WHAT YOU NEED TO DO - Omitting all images, give the entries that follow again exactly as they read.
(GIVEN ENTRIES begins)
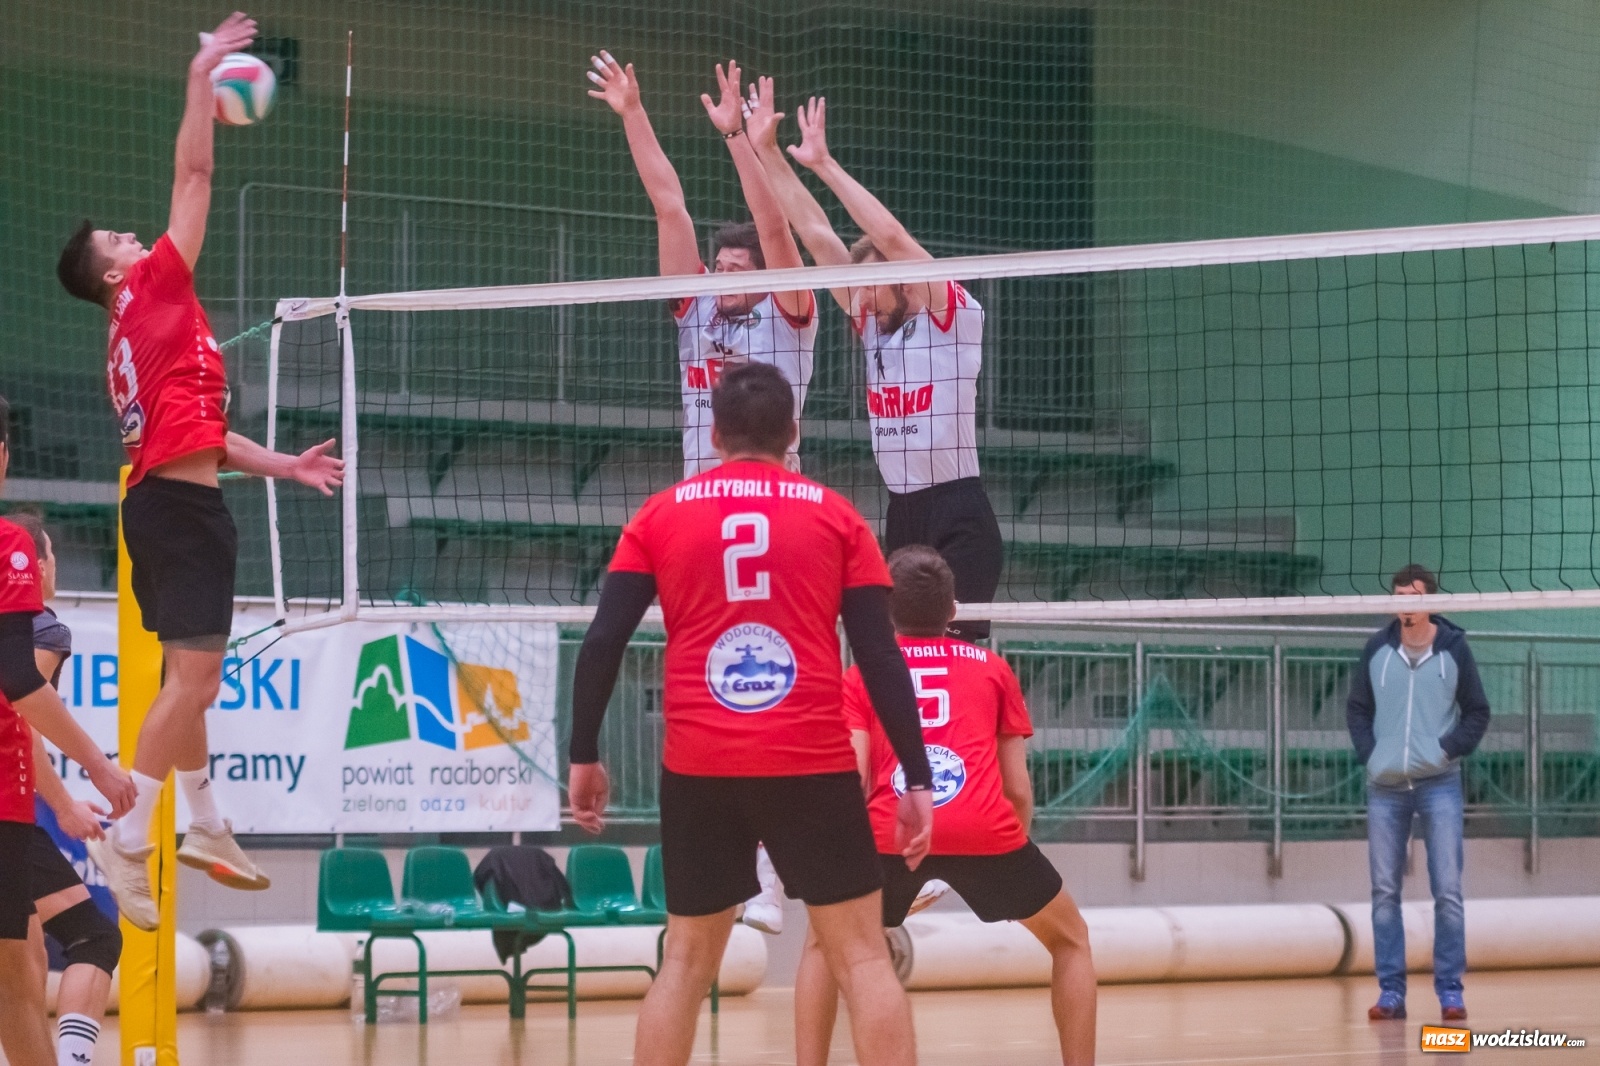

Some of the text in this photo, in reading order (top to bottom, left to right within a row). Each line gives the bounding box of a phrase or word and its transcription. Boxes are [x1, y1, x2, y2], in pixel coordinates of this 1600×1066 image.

[695, 399, 713, 408] GRU
[875, 426, 898, 436] GRUPA
[675, 479, 823, 504] VOLLEYBALL TEAM
[721, 512, 770, 602] 2
[950, 645, 987, 662] TEAM
[909, 667, 949, 727] 5
[342, 758, 532, 793] powiat raciborski
[342, 794, 407, 813] zielona
[420, 798, 466, 812] oaza
(GIVEN ENTRIES ends)
ANSWER FOR THE TASK -
Some of the text in this photo, in reading order (top to bottom, left to right within a row). Each line gives the bounding box of a phrase or word and its transcription. Boxes are [x1, y1, x2, y2], in pixel coordinates of this 1600×1066 image.

[695, 399, 713, 408] GRU
[875, 426, 898, 436] GRUPA
[675, 479, 823, 504] VOLLEYBALL TEAM
[721, 512, 770, 602] 2
[950, 645, 987, 662] TEAM
[909, 667, 949, 727] 5
[342, 758, 532, 793] powiat raciborski
[342, 794, 407, 813] zielona
[420, 798, 466, 812] oaza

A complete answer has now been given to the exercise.